Ottawa Health ministers and heads of heads of key international organizations will gather in Ottawa next week to strengthen the international response to an anticipated influenza pandemic that some scientists say may already be developing in the form of bird flu.
“Canada is encouraging all countries to collaborate on a global planning effort to reduce the risk of a possible influenza pandemic. Countries must do their best to support each other by sharing information and plans as well as skills and resources,” Ian Shugart, an assistant deputy minister with Health Canada, told a Thursday morning press conference.
The two-day meeting next week with be “an opportunity for health ministers from all parts of the world to come together to advance the world already in progress,” he said.
That meeting will bring together, for the first time, ministers of health and senior officials from about 30 developed and developing countries and well as the heads of key international organizations such as the World Health Organization, the Food and Agricultural Organization and the World Organization for Animal Health.
The invited officials hope to build on a number of international initiatives including the WHO's Strategic Plan for Pandemic Preparedness and the United States International Partnership on Avian and Pandemic Influenza.
They will discuss how to reduce the spread of infectious diseases, including the H5N1 avian virus that is the current focus of global concern, both among animals and from animals to humans, said Mr. Shugart.
They will also discuss improving early detection and response to an influenza outbreak, vaccine development and access, and how to ensure accurate and timely sharing of information both before and during a pandemic.

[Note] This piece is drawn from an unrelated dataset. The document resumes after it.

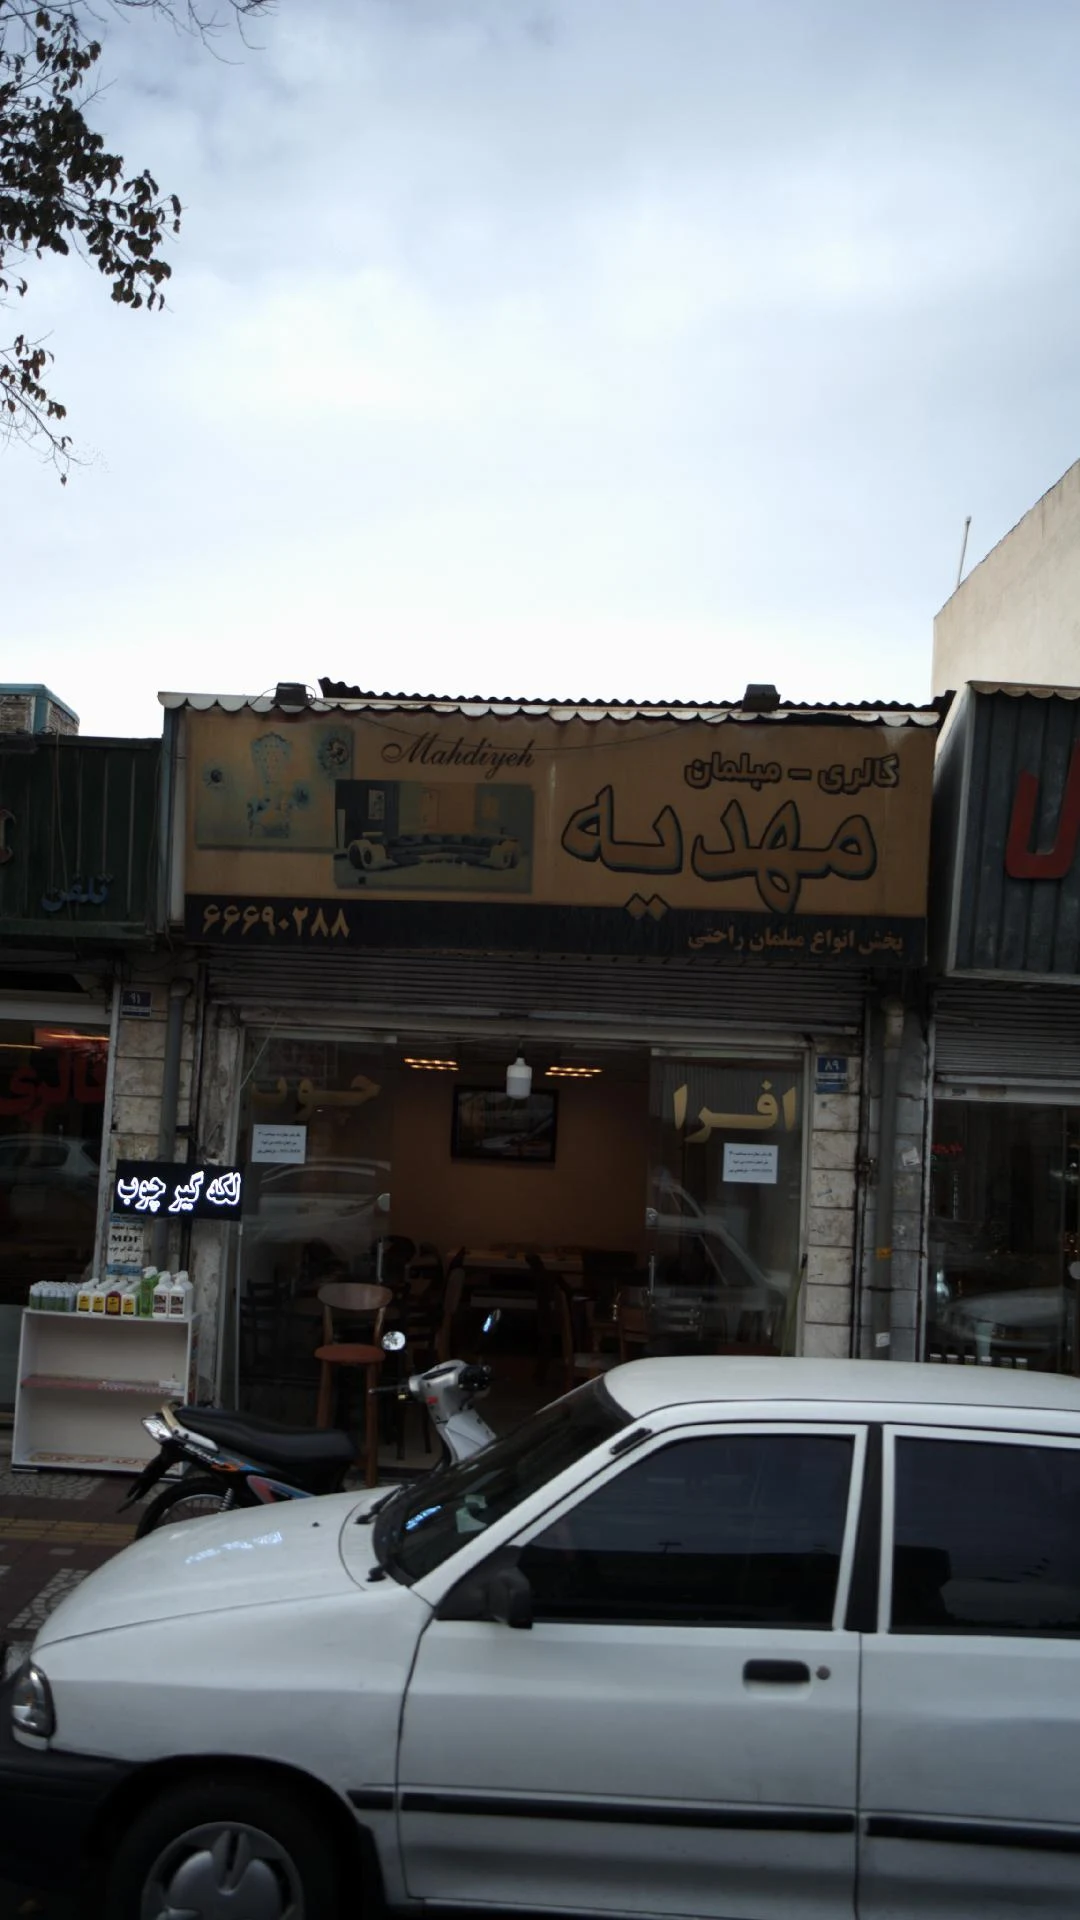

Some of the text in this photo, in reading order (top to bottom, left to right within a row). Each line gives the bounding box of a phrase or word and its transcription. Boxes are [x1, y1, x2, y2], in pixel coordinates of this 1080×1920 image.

“We hope to assist affected countries in developing their plans and strengthening their means of early detection and response to an influenza pandemic,” said Mr. Shugart.
David Butler Jones, Canada's Chief Public Health Officer, explained that pandemics occur two or three times a century when the influenza virus undergoes a shift leaving the human population without immunity.
“New pandemic outbreaks will occur in the future. What we don't know is when or its severity or how soon it might occur,” said Dr. Butler Jones.
“At this time avian influenza, the H5N1, is the strain that has the most potential to become a serious pandemic. That does not mean that it will be the H5N1 and, even if it were a derivative of this particular strain, it will have changed by the time because it will need to develop the ability to spread easily from person to person.”
When an influenza strain develops pandemic characteristics, it can spread very rapidly and result in significant illness, death and social disruption, he said, adding that those consequences are why next week's conference so important.
A Canadian Pandemic Influenza Plan has been developed by federal, provincial and territorial governments with input from more than 200 experts and officials, said Dr. Butler Jones.
“We have taken action already on a number of key initiatives that have been mapped out in the plan including active surveillance in hospitals for novel respiratory diseases, the national anti-viral stockpile, managing the emergency stockpile system and establishing a contract for a domestic vaccine production,” he said.
But “while we are recognized as one of the leaders in preparedness around a pandemic, there is still a lot of work to be done throughout many parts of the system. The potential scale of a pandemic would affect every country and we should never sit back thinking we are fully prepared.”